Just a month ago, after visiting our dormant, snow-covered garden in the backyard, my 5-year-old asked, “Mama, what happens to the worms in the winter time?” And though I didn’t have the answer, I knew just what book would: Up in the Garden and Down in the Dirt, by Kate Messner, with art by Christopher Silas Neal– a beautiful book about a garden in every season, above the soil and below. It begins in late winter with the ground still saturated with melted snow and frosty soil, “Down in the dirt, things need to dry out and warm up,” a grandmother tells her granddaughter as they kneel in the mud.
We follow the two on their journey through the next four seasons as they prepare the garden with compost in a bright red wheelbarrow, plant seeds and gently tend them, pull weeds and water the garden (and each other), watch the plants grow and produce food, and harvest the spoils of their hard work.

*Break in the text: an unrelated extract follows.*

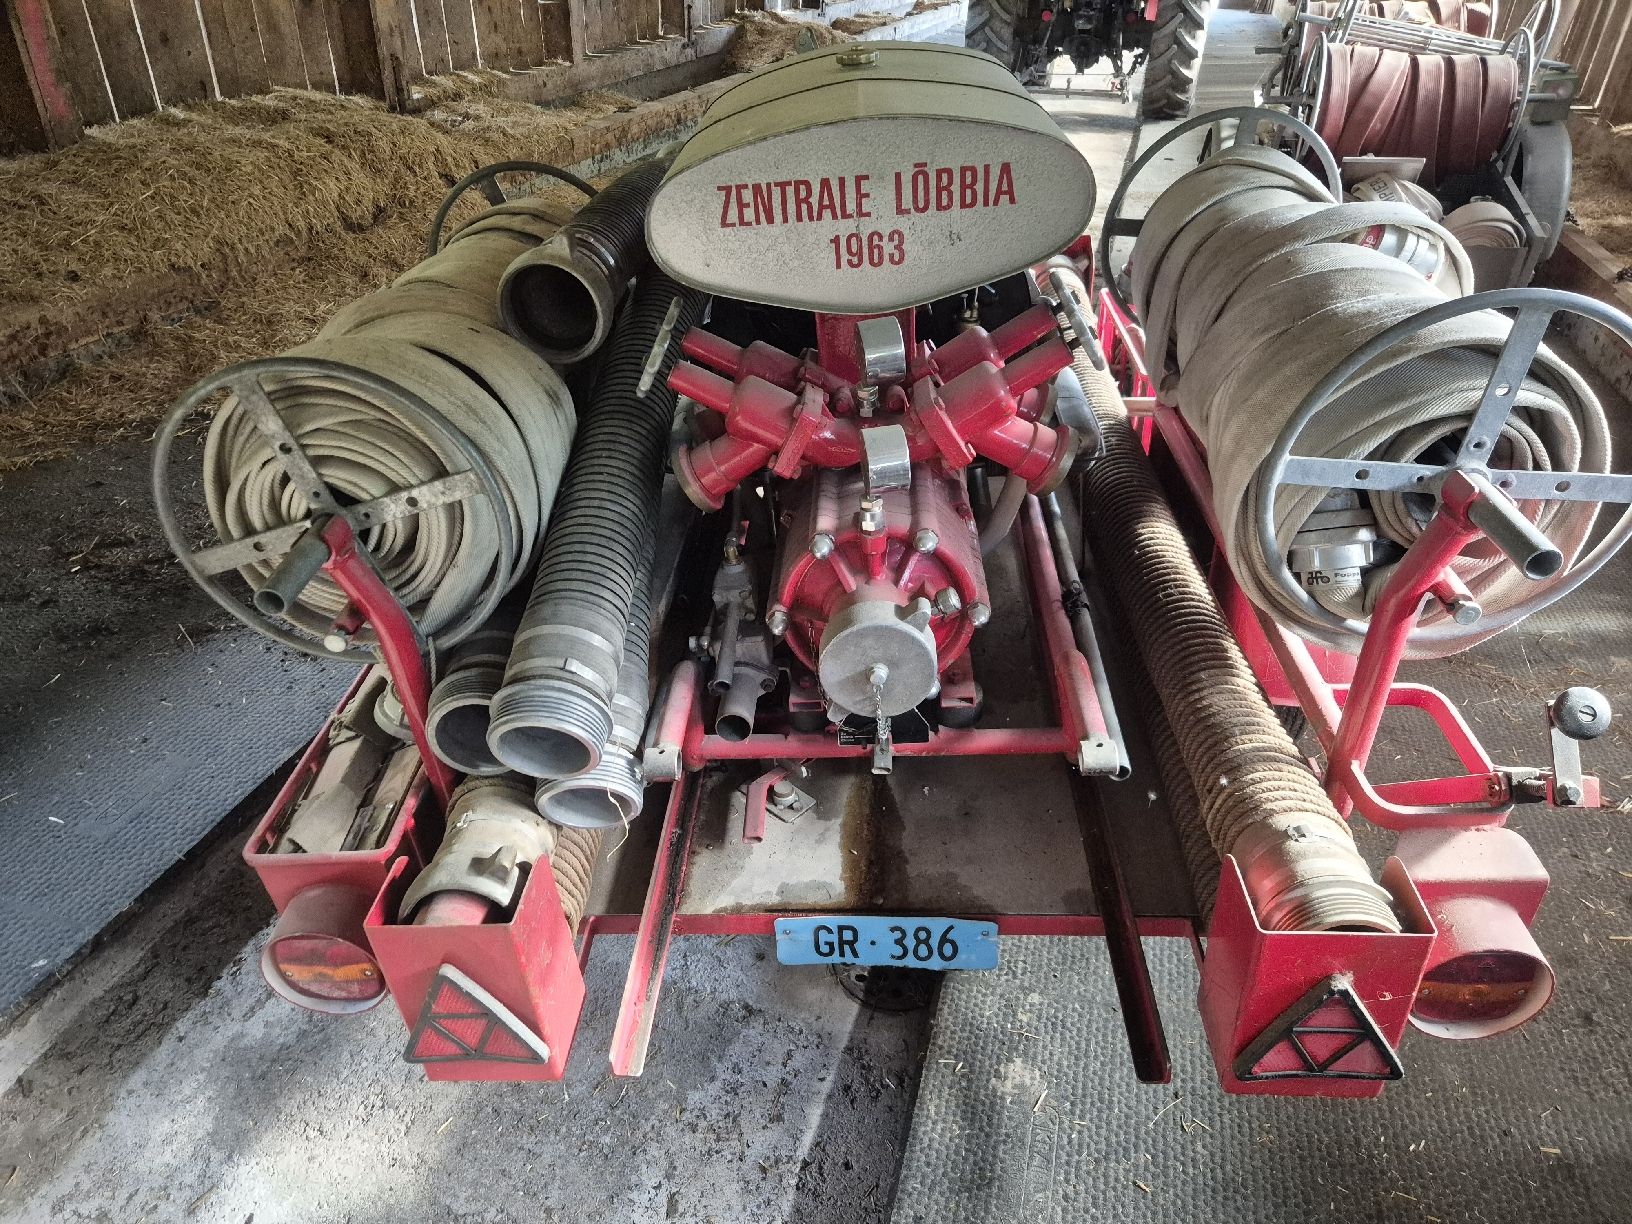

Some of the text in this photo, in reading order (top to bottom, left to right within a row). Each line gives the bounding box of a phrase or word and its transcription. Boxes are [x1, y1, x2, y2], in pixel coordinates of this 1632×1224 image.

All the while, we see what goes on both above and below ground, bringing to light the dark mysteries of the underground world and the creatures that are just as important as what we see above ground.
Part of what we enjoy most about this book is its full-circle nature; we see the process and harmony of all the creatures in each season as integral to one another’s success. Every ant, grub, worm, bird, and bee have an important job to do in the garden. And the bonus is found at the end of the story with a guide to all the creatures mentioned or drawn in the book — the beneficial as well as the pest variety, including their scientific names and roles they play in the backyard garden. Neal’s illustrations convey the beauty of the garden and all its inhabitants, and could not be more lovely. Check out this book before spring is over to inspire the little gardener in your home.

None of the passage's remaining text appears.